The issue the articles address is the ease of patenting ridiculous and obvious "innovations" and then using them to restrict competition. Clearly no one should be able to patent the double-clicking or holding down of a button on electronic devices, and yet Microsoft has done just that for PDAs. You do not need to be a legal expert to see how this is anti-competitive. The idea is simple and needs to be available for others to use on thier products without facing the threat of legal action.
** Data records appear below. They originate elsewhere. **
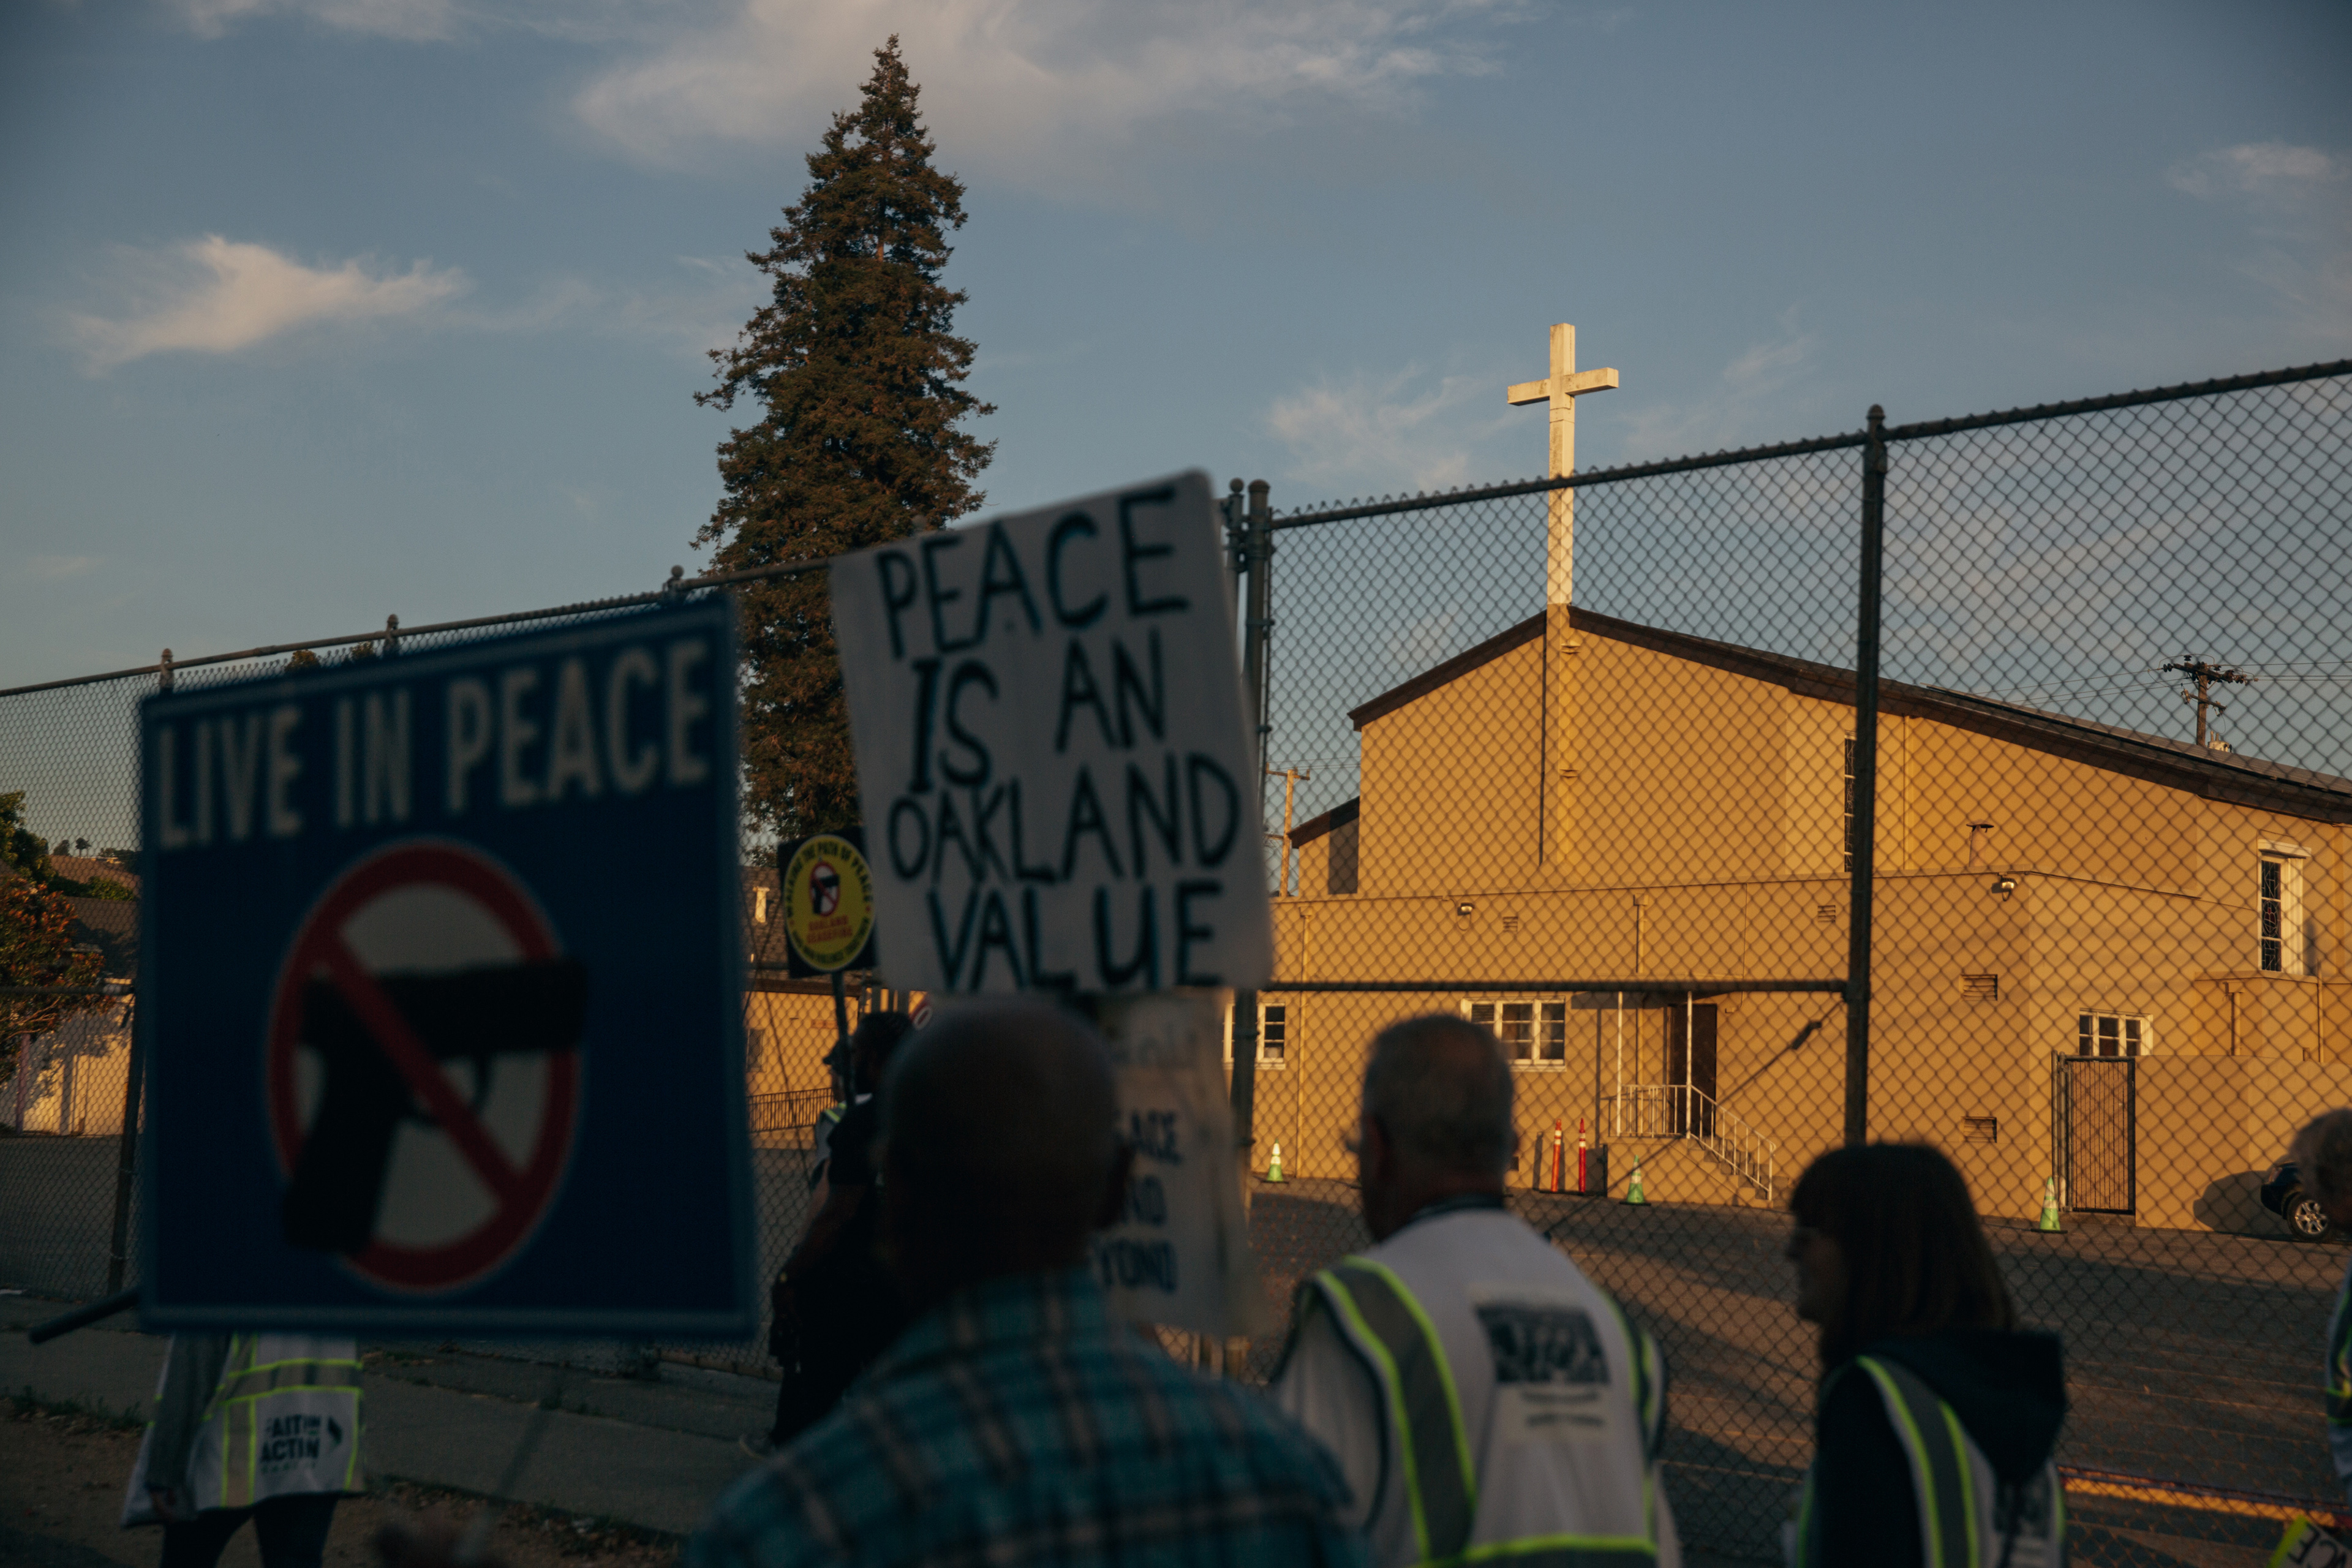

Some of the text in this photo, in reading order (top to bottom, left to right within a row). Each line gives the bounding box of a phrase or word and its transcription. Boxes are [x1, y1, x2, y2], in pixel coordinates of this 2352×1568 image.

[875, 488, 1188, 658] PEACE
[158, 638, 710, 850] LIVE IN PEACE
[912, 627, 1164, 793] IS AN
[888, 753, 1239, 884] OAKLAND
[928, 880, 1223, 991] VALUE
Companies shouldn't have to pay to license such an obvious idea, and MS could always deny such a license to competitors, severly damaging the usability of competing products.
The FTC may be ready to change the practice of granting what many contend are frivolous patents.
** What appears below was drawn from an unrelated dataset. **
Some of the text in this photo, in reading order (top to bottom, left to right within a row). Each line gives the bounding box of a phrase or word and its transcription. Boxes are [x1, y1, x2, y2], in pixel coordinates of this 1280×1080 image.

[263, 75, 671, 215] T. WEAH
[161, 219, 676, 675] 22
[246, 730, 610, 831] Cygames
Mad cap patents ranging from protecting a method of painting by dipping a baby's bottom into paint or a system for keeping track of people queuing for the bathroom may soon be a thing of the past if the Federal Trade Commission (FTC) has its way.
"The intellectual property system was designed to create incentives for people to innovate by giving them, for want of a better word, a monopoly on their ideas for a certain period of time," FTC commissioner Mozelle Thompson told BBC News Online.
"But we have seen instances where companies use that monopoly in an anti-competitive way, sometimes to prevent other products from getting to market, to prevent people from sharing ideas and to prevent the kind of innovation that the patent system is really trying to spur on."
Essentially, the bar will be raised for what will be a patentable invention. The BBC article points out that a major problem for the PTO (Patent and Trademark Office) is that they are badly underfunded and therefore cannot thoroughly check most applications.
The National Academy of Sciences is calling for more funding for the patent office where 3,000 examiners handle 350,000 applications a year with an average of 17 to 25 hours to check on the validity of a patent application.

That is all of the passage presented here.